RECORDS PROVIDED -
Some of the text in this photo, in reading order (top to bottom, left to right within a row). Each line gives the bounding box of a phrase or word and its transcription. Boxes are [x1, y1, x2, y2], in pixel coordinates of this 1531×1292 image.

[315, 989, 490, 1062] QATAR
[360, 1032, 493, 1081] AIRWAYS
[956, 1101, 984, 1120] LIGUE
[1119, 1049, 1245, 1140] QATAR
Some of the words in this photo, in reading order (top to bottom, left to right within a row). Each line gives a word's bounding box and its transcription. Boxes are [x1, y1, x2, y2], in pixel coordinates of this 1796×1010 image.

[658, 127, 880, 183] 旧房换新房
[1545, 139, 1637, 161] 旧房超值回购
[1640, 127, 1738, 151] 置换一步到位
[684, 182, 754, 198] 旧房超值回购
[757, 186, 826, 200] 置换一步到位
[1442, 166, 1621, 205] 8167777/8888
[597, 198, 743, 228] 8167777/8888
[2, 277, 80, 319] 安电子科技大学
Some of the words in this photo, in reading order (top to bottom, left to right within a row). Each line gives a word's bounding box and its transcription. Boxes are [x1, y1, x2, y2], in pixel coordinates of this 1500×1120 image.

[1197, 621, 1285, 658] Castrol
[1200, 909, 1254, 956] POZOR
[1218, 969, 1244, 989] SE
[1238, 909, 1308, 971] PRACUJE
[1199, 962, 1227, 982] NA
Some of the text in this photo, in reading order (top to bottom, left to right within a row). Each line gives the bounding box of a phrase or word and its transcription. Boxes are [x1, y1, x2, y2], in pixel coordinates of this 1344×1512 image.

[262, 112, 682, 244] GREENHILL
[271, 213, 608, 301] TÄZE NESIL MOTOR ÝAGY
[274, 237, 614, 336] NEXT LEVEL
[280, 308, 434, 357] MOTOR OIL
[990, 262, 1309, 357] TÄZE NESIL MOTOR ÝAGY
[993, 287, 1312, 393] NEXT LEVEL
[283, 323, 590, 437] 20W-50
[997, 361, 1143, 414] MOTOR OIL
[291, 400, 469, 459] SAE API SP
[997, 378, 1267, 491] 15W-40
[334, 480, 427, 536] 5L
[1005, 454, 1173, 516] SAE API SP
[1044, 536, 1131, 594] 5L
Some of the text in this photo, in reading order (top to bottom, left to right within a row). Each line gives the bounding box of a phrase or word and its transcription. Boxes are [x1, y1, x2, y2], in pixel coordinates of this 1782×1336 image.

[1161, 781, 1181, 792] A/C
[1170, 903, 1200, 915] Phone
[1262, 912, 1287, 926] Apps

TASK ITEM -
Taking the line containing "this 1344×1512 image." as the first, please return it and every line after it through the end of the entries, exactly and only those.

TASK OUTPUT -
Some of the text in this photo, in reading order (top to bottom, left to right within a row). Each line gives the bounding box of a phrase or word and its transcription. Boxes are [x1, y1, x2, y2], in pixel coordinates of this 1344×1512 image.

[262, 112, 682, 244] GREENHILL
[271, 213, 608, 301] TÄZE NESIL MOTOR ÝAGY
[274, 237, 614, 336] NEXT LEVEL
[280, 308, 434, 357] MOTOR OIL
[990, 262, 1309, 357] TÄZE NESIL MOTOR ÝAGY
[993, 287, 1312, 393] NEXT LEVEL
[283, 323, 590, 437] 20W-50
[997, 361, 1143, 414] MOTOR OIL
[291, 400, 469, 459] SAE API SP
[997, 378, 1267, 491] 15W-40
[334, 480, 427, 536] 5L
[1005, 454, 1173, 516] SAE API SP
[1044, 536, 1131, 594] 5L
Some of the text in this photo, in reading order (top to bottom, left to right within a row). Each line gives the bounding box of a phrase or word and its transcription. Boxes are [x1, y1, x2, y2], in pixel coordinates of this 1782×1336 image.

[1161, 781, 1181, 792] A/C
[1170, 903, 1200, 915] Phone
[1262, 912, 1287, 926] Apps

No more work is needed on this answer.